The offence applies to large companies and partnerships that meet at least two of the following: more than 250 employees, over £36 million in turnover, or assets exceeding £18 million.
Prevention Procedures Must Go Beyond the Basics
Laurent Sarrat, co-founder and CEO of fraud prevention firm Sis ID, says the regulatory bar will require more than standard internal controls.
“Businesses with strong governance, compliance and fraud prevention processes will be best positioned for the regulatory changes ahead,” he said.
“But ‘reasonable procedures’ under Failure to Prevent Fraud requires more than internal controls—businesses must also be extending due diligence and responsibility to their entire ecosystem and supply chain to ensure no gaps exist.
“As, ultimately, the only effective way to tackle fraud is through collaboration.”
While some fraud risks are already well-known in the sector, including impersonation scams and invoice redirection fraud, the regulation shifts responsibility upward—placing legal consequences at the organisational level rather than solely with individuals.

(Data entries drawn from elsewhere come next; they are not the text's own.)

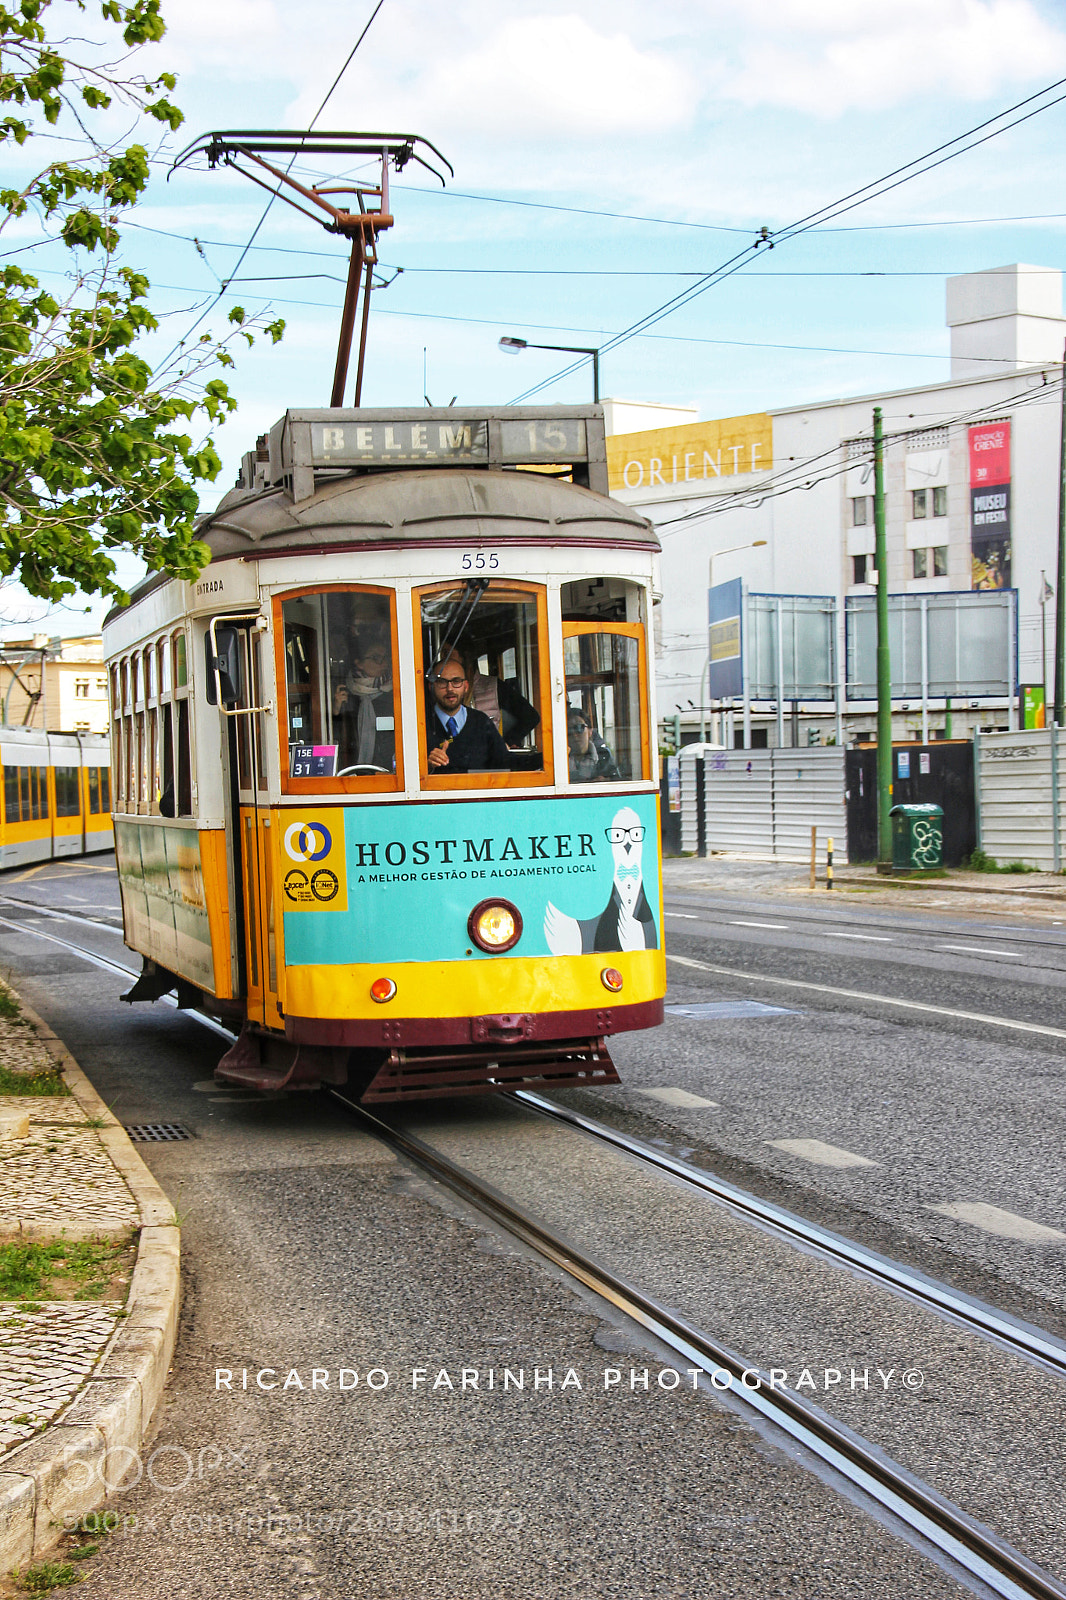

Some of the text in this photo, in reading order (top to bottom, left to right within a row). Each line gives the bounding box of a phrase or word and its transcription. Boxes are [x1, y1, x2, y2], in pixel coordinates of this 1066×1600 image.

[322, 423, 472, 451] BELÉM
[623, 443, 763, 489] ORIENTE
[973, 493, 1007, 512] MUSEU
[461, 552, 500, 570] 555
[196, 580, 224, 596] ENTRADA
[297, 749, 312, 757] 15E
[294, 763, 311, 775] 31
[355, 833, 597, 867] HOSTMAKER
[358, 864, 597, 883] A MELHOR GESTÃO DE ALOJAMENTO LOCAL

Operational Readiness a Key Priority
Sarrat outlined several minimum steps businesses should already be working on:
- Conduct a comprehensive fraud risk assessment, including supply chain exposure
- Implement clear, documented anti-fraud policies
- Train staff in identifying and escalating suspicious activity
- Invest in automated fraud detection tools and processes
Although enforcement will begin in September, firms are expected to demonstrate that prevention procedures were embedded before any offence occurred.

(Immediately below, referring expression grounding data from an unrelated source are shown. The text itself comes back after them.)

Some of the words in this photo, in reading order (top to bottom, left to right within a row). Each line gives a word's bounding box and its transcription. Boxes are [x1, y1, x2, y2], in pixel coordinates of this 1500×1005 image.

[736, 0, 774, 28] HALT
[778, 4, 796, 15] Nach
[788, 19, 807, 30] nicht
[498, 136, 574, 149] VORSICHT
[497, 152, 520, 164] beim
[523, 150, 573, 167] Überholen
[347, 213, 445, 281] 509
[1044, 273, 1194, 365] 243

This places additional pressure on governance, risk, and compliance teams to work closely with operational leaders.
Resources & Whitepapers
Accounting Software The power of customisation in accounting systems
Part of a Broader Regulatory Shift
The introduction of Failure to Prevent Fraud coincides with a wider raft of UK and EU-level regulation affecting cross-border financial operations.
These include the Digital Operational Resilience Act (DORA), Instant Payment Regulation (IPR), and PSD3—all of which will impact UK firms with EU clients or entities.
Despite the UK’s exit from the EU, regulatory alignment remains relevant, particularly for firms managing payments or client assets across jurisdictions.
From Risk to Resilience
The new fraud offence introduces significant reputational and financial risk, but it may also offer firms an opportunity to revisit outdated fraud processes.
By embedding compliance into broader operational planning, firms can move beyond reactive approaches and strengthen resilience against an increasingly sophisticated fraud environment.
Failure to act now could lead to more than just fines—it could also raise questions around client trust, professional standards, and regulatory scrutiny.